From Java to Java.Next – Quick Review of Scala

To start this quick review about Scala as Java.Next, let us see an interesting perceptive observation from Martin Fowler about Java and its legacy as follows.

“The legacy of Java will be the platform, not the language”

This statement is interested since more than 200 languages run on Java Virtual Machine (JVM) nowadays [1]. This condition emerges since Oracle hosted the annual JVM Language Summit in 2008, which has given implementers of alternative languages on the JVM an opportunity to collaborate openly with Java platform engineers. For example, let us consider Clojure, Groovy, Scala, and the new one, Kotlin. Each language brings interesting new capabilities beyond of Java language itself. In general, two initial significant advantages that these languages tend to provide are reducing the amount of verbosity in code. Hence it allows us to focus on the essence of problem solving. The second advantage is enabling some degree of functional programming styles [2]. This short review will be limited to Scala as an alternative programming language of Java.

As introduced in their official website [3], Scala is an elegant and concise programming language that integrates both functional and object-oriented paradigms smoothly. This enabling programmers to be more productive while retaining full interoperability with Java and taking advantage of modern multicore hardware. It is statically typed and well found with an expressive type system, which supports: generic classes, variance annotations, upper and lower type bounds, inner classes and abstract types as object members, compound types, explicitly typed self references, views, and polymorphic methods.

Since Scala runs on JVM which maintains a large amount of interoperability with Java, it aims to make substantial improvements on Java. Mostly by reducing verbosity and introducing a variety of functional programming elements. In additions, Java developers do not have to give up their existing work if they want to start using Scala in projects. There are at least three major improvements that Michael Pigg from Charlot Solutions stated regarding Scala over Java. The first two are appropriate with two advantages we describe earlier. They are in increasing productivity due to reduced verbosity and developers can mix and match imperative and functional programming paradigm as needed. Whereas the last one is built in functionality for parallelism and concurrency [4].

As well as in Java, Scala has built-in support for classes parameterized with types. It is useful for the development of collection classes [5]. Unlike in Java that has use-site variance annotations, Scala has declaration-site variance [6]. It also has exceptions handling system like in many programming languages. However, Scala does not actually have checked exeptions like in Java. As in Java, Scala uses a try{ … } catch { … } block, except that the catch block uses matching to identify and handle the exceptions [7].

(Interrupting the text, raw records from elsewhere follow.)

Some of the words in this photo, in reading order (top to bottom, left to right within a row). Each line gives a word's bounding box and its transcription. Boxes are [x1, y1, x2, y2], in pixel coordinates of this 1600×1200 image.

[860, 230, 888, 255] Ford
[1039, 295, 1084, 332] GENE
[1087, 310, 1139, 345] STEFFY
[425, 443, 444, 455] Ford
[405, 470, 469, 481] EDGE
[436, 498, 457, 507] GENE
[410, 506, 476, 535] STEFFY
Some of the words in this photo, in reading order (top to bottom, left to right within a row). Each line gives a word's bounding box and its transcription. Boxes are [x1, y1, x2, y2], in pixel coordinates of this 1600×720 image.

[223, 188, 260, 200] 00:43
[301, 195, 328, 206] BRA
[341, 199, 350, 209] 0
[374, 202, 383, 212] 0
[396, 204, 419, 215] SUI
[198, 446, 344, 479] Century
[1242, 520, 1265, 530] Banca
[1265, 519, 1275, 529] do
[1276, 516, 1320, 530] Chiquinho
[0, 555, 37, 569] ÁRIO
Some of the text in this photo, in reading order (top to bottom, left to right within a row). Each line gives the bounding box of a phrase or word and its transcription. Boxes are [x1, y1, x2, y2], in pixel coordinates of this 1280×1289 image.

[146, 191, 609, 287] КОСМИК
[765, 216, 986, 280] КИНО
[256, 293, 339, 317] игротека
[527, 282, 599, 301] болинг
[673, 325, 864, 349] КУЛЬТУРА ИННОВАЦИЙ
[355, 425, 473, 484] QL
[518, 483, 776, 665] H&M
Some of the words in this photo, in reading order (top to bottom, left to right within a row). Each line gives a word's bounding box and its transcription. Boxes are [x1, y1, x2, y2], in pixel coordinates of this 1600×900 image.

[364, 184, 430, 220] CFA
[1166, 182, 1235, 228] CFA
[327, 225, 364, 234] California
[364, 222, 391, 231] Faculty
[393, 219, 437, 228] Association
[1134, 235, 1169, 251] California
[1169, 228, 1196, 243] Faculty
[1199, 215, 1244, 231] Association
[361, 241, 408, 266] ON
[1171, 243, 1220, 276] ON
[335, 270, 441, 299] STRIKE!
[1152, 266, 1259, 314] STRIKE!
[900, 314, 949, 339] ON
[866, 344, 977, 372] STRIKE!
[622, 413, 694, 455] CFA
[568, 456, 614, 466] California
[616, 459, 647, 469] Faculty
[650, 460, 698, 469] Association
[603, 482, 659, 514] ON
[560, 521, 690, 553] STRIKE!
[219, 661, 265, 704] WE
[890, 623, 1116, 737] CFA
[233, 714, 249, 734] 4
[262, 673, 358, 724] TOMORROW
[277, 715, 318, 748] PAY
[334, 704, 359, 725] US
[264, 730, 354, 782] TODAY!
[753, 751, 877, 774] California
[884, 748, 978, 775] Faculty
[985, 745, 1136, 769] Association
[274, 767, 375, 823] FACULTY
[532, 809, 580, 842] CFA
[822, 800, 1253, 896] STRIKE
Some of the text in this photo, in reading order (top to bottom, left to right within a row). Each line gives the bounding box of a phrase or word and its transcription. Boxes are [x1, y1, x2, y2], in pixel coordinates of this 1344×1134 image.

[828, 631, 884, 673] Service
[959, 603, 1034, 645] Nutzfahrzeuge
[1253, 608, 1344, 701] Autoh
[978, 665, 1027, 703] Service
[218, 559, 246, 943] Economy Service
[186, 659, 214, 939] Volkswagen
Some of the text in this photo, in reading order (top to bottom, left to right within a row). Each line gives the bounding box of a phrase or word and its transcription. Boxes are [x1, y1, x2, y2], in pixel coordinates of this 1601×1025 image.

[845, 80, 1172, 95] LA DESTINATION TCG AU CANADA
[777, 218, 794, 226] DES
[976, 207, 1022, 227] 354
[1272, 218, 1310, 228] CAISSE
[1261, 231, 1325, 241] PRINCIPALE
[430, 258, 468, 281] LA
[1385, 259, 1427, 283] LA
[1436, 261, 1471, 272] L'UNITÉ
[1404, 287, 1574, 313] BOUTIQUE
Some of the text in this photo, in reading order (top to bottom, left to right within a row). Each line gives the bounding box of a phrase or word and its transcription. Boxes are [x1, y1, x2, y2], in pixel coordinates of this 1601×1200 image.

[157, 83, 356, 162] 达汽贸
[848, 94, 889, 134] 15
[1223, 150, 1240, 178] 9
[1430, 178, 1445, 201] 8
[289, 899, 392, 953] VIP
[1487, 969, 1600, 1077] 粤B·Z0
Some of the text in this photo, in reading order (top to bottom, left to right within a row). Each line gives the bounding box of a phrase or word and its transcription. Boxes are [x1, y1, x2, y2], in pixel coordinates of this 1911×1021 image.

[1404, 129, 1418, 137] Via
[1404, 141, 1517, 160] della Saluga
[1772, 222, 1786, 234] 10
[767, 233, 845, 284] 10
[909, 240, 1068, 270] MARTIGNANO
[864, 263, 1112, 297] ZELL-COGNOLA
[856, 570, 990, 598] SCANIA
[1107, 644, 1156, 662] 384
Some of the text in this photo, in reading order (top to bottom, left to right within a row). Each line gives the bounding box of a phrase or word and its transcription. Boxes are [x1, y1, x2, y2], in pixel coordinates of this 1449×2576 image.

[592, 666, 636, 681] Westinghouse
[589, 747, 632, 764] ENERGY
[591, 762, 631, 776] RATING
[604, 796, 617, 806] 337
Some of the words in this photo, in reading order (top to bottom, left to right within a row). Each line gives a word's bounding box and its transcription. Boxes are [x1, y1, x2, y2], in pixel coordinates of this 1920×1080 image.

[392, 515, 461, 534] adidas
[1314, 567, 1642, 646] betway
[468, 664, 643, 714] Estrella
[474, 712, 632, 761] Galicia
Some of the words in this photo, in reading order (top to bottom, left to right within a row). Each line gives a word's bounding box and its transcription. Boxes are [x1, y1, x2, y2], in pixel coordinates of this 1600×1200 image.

One example of huge project that implements this language is Twitter. Much of its infrastructure is written in Scala [8]. Why not Java? Alex Payne, one engineering who involved in this project answers this question [9]. First of all, they really took Scala’s advantage of better concurrency. Twitter wanted to do more with fewer machines. They wanted to be compiled so it is not burning CPU doing the wring stuff. Secondly, it is very idiomatic, functional, and fast. Its community is small but growing and accessible. They also like the grand unified theory of Scala, which is combines OOP and functional programming. Moreover, they use traits, pattern-matching, and mutability.

After seeing some advantages of Scala over Java, It is reasonable to consider Scala as first alternative programming language in learning programming. However, since Scala is running on JVM and maintaining interoperability with Java, we should also learn Java side-by-side as a review in learning Scala.

Finally, below is the simple example taken from [10] to illustrate the advantages of Scala over Java language.

Scala:

class Person(val firstName: String, val lastName: String)

Java:

public class Person {
    private final String firstName;
    private final String lastName;

    public Person(String firstName, String lastName) {
        this.firstName = firstName;
        this.lastName = lastName;
    }

    public String getFirstName() {
        return firstName;
    }

    public String getLastName() {
        return lastName;
    }
}

References:

  1. http://www.ibm.com/developerworks/java/library/j-jn1/index.html accessed in 21/05/2013
  2. http://thinkrelevance.com/blog/2008/09/24/java-next-overview accessed in 21/05/2013
  3. http://www.scala-lang.org/node/25
  4. http://www.techrepublic.com/blog/programming-and-development/why-java-developers-should-check-out-scala/5753
  5. http://www.scala-lang.org/node/113
  6. http://stackoverflow.com/questions/10572403/about-generics-in-java-and-scala
  7. http://www.tutorialspoint.com/scala/scala_exception_handling.htm
  8. http://twitter.github.io/effectivescala/
  9. http://blog.redfin.com/devblog/2010/05/how_and_why_twitter_uses_scala.html
  10. 10. http://stackoverflow.com/questions/2952732/samples-of-scala-and-java-code-where-scala-code-looks-simpler-has-fewer-lines/2953040

2 Replies to “From Java to Java.Next – Quick Review of Scala”

  1. A good code example would have been nice. The example you provided is weak and doesn’t show much of anything. Ironically, the Java code you are comparing Scala to is auto-generated by IDEs these days.